Saúde
A dor da perda transformada em vida
Dia Nacional da Doação de Órgãos e Tecidos resgata o debate de um dos temas mais relevantes da medicina
Jô Folha -
Milhares de pessoas contraem todos os anos doenças cuja única alternativa de cura é através de transplantes de órgãos. A fila de espera, em agosto, chegava a 1.318 pessoas no Rio Grande do Sul. O número é grande, mas assusta quando comparado àquele de transplantes realizados: somente 208. Nesta quarta-feira (27), data em que é comemorado o Dia Nacional da Doação de Órgãos e Tecidos, Comissões Intra-Hospitalares de Doação de Órgãos e Tecidos para Transplante (Cihdott) de cada hospital de Pelotas se unem para incentivar a população a reverter este cenário.
Se pensar na morte é algo que a maioria das pessoas evita, pensar no que será feito com seu corpo após, mais complicado ainda. Os brasileiros têm como vantagem o Sistema Único de Saúde (SUS), que cobre todas as despesas de um transplante. Doar, então, fica mais fácil - basta a família optar por dizer sim. O programa faz com que o Brasil possua o maior sistema público de transplantes no mundo. Em 2016, segundo dados do Ministério da Saúde, mais de 90% dos transplantes realizados no Brasil foram financiados pelo SUS. Os transplantados possuem assistência integral e gratuita, incluindo exames preparatórios, cirurgia, acompanhamento e medicamentos pós-transplante.
A doação só pode ocorrer após a constatação de morte encefálica, que é a interrupção irreversível das funções cerebrais, ou seja, a morte propriamente dita.

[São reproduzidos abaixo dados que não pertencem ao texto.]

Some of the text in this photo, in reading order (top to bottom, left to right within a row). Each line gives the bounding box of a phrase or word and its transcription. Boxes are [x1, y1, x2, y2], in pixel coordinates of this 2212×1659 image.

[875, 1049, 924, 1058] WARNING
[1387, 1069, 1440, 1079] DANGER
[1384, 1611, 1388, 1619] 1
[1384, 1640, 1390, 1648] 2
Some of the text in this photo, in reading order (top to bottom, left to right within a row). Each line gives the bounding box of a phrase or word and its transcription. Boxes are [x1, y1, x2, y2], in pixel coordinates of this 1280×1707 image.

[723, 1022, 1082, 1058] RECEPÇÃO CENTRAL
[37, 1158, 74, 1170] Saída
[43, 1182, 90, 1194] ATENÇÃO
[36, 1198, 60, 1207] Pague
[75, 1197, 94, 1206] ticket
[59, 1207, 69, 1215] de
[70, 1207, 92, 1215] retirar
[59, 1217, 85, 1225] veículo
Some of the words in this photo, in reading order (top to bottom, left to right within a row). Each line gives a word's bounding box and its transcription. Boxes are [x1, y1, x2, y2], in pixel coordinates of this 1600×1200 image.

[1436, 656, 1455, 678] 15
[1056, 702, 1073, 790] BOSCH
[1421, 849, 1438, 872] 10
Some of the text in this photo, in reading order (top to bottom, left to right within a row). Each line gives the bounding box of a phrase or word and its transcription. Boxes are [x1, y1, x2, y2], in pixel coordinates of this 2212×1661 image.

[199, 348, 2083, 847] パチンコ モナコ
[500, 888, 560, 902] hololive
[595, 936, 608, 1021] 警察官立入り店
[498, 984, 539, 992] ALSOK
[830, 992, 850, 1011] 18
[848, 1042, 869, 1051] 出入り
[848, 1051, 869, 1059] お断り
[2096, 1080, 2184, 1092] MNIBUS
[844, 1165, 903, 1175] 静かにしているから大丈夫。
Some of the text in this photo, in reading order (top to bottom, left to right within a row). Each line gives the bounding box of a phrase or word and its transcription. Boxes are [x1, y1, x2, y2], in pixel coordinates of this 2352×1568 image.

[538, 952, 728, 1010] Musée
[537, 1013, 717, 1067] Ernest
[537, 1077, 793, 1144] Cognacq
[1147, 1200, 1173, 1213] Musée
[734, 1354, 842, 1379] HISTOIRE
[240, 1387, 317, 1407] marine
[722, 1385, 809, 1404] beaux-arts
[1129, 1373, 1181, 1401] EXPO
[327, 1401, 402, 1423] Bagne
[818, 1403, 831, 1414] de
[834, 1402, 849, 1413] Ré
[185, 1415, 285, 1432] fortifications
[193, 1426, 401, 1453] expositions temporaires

Rim, parte do fígado e medula óssea podem ser doados ainda em vida entre cônjuges ou parentes de até quarto grau com compatibilidade sanguínea ou, no caso de não familiares, mediante autorização judicial.
No Brasil, a doação após a morte só é habilitada pela família. Por isso, para ser doador não basta deixar o desejo escrito. As manifestações relativas à retirada “post mortem” de tecidos, órgãos e partes, antes especificadas na Carteira de Identidade Civil e na Carteira Nacional de Habilitação, perderam validade em 2001 com a lei federal 10.211. Cada cidadão deve, então, comunicar a família sobre o desejo de doar ou não. Ato de caridade e solidariedade com o próximo, a doação pode beneficiar pessoas com doenças cardíacas graves, no caso do coração; doentes de fibrose, enfisema ou por hipertensão pulmonar, para o pulmão; assim como os doadores de rim, que dão nova vida para pessoas com insuficiência renal crônica.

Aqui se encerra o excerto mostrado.